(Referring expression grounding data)
■ ■ ■ ■

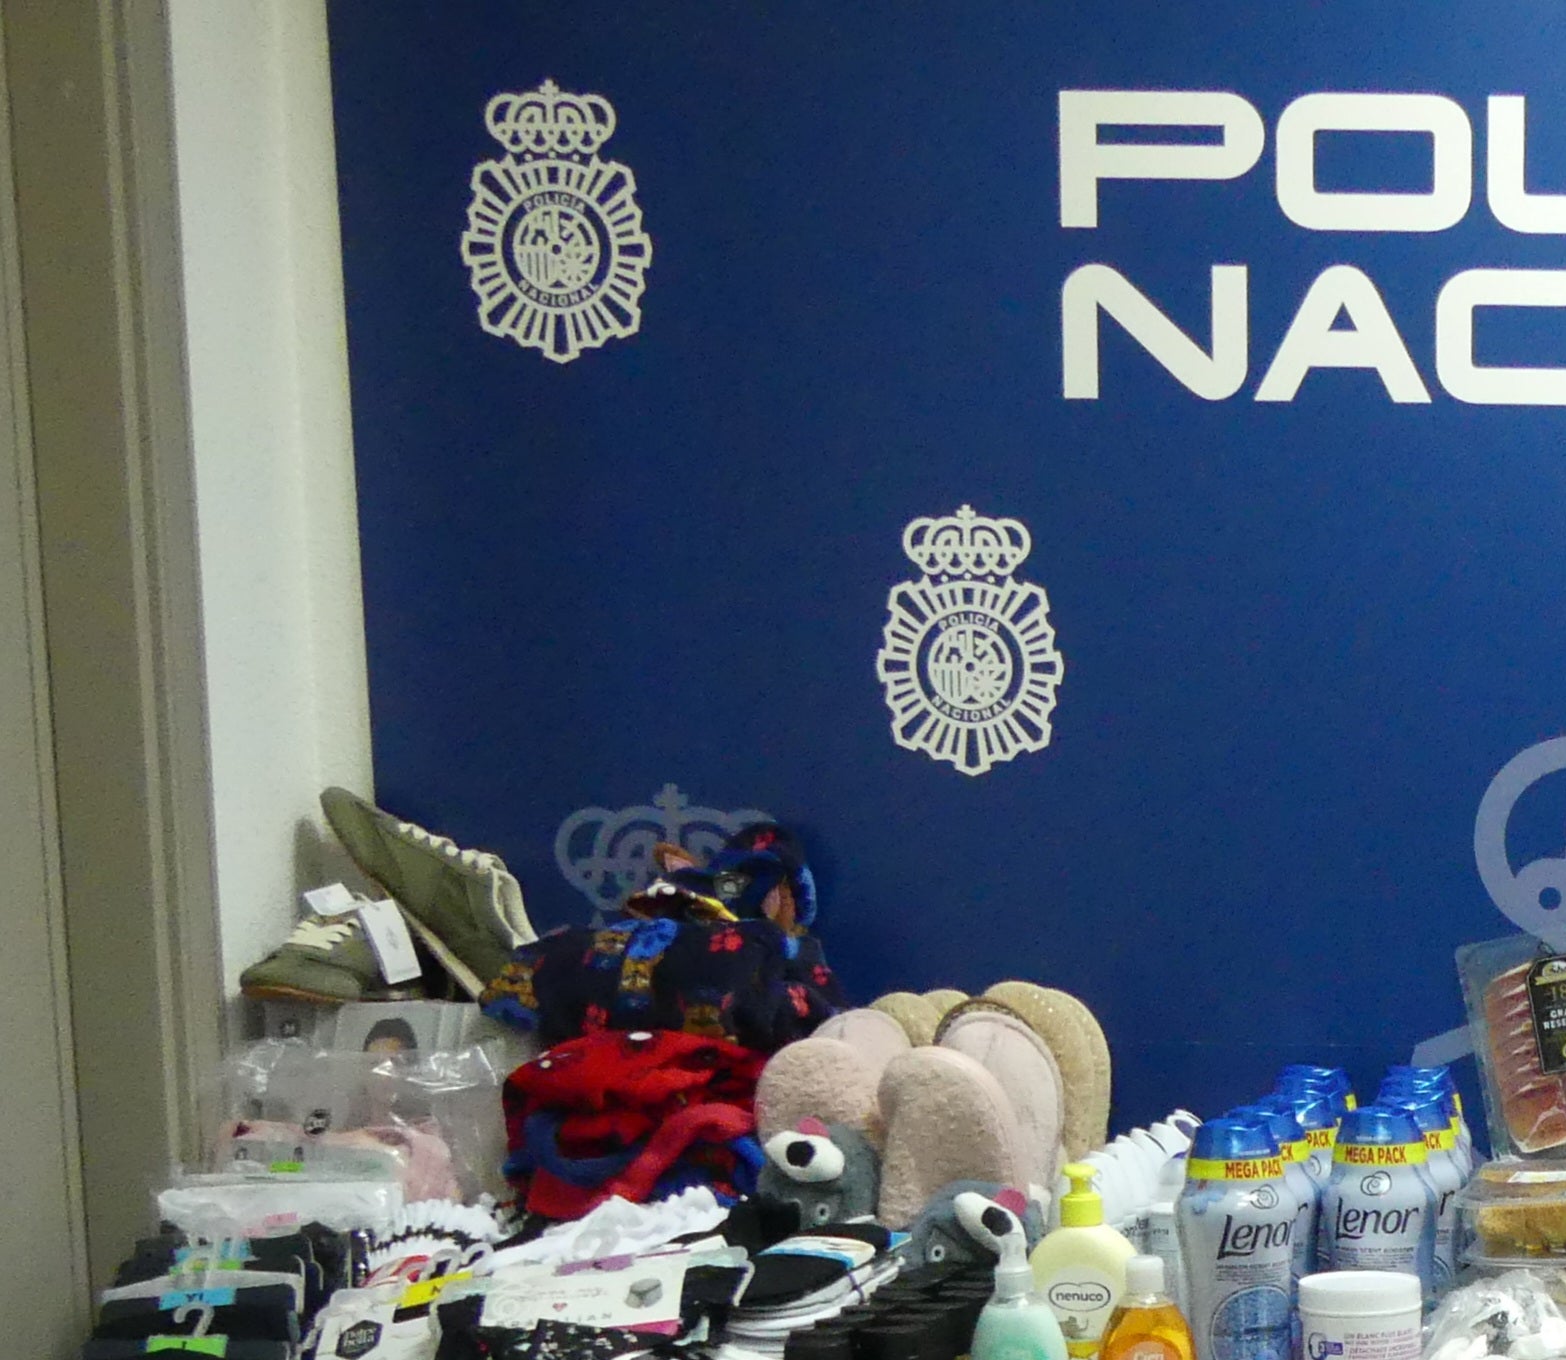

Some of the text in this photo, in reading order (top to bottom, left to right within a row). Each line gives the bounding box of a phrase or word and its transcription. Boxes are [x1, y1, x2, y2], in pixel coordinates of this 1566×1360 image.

[517, 279, 600, 307] NACIONAL
[938, 612, 1001, 633] POLICÍA
[930, 695, 1011, 722] NACIONAL
[1345, 1144, 1407, 1164] MEGA PACK
[1225, 1161, 1259, 1179] MEGA
[1335, 1196, 1419, 1241] Lenor
[1217, 1214, 1297, 1261] Lenor
[1055, 1291, 1104, 1302] nenuco

■ ■ ■ ■

▶ Problem details: Give back every record above word for word, dropping pictures.

▶ Output for this task:
Some of the text in this photo, in reading order (top to bottom, left to right within a row). Each line gives the bounding box of a phrase or word and its transcription. Boxes are [x1, y1, x2, y2], in pixel coordinates of this 1566×1360 image.

[517, 279, 600, 307] NACIONAL
[938, 612, 1001, 633] POLICÍA
[930, 695, 1011, 722] NACIONAL
[1345, 1144, 1407, 1164] MEGA PACK
[1225, 1161, 1259, 1179] MEGA
[1335, 1196, 1419, 1241] Lenor
[1217, 1214, 1297, 1261] Lenor
[1055, 1291, 1104, 1302] nenuco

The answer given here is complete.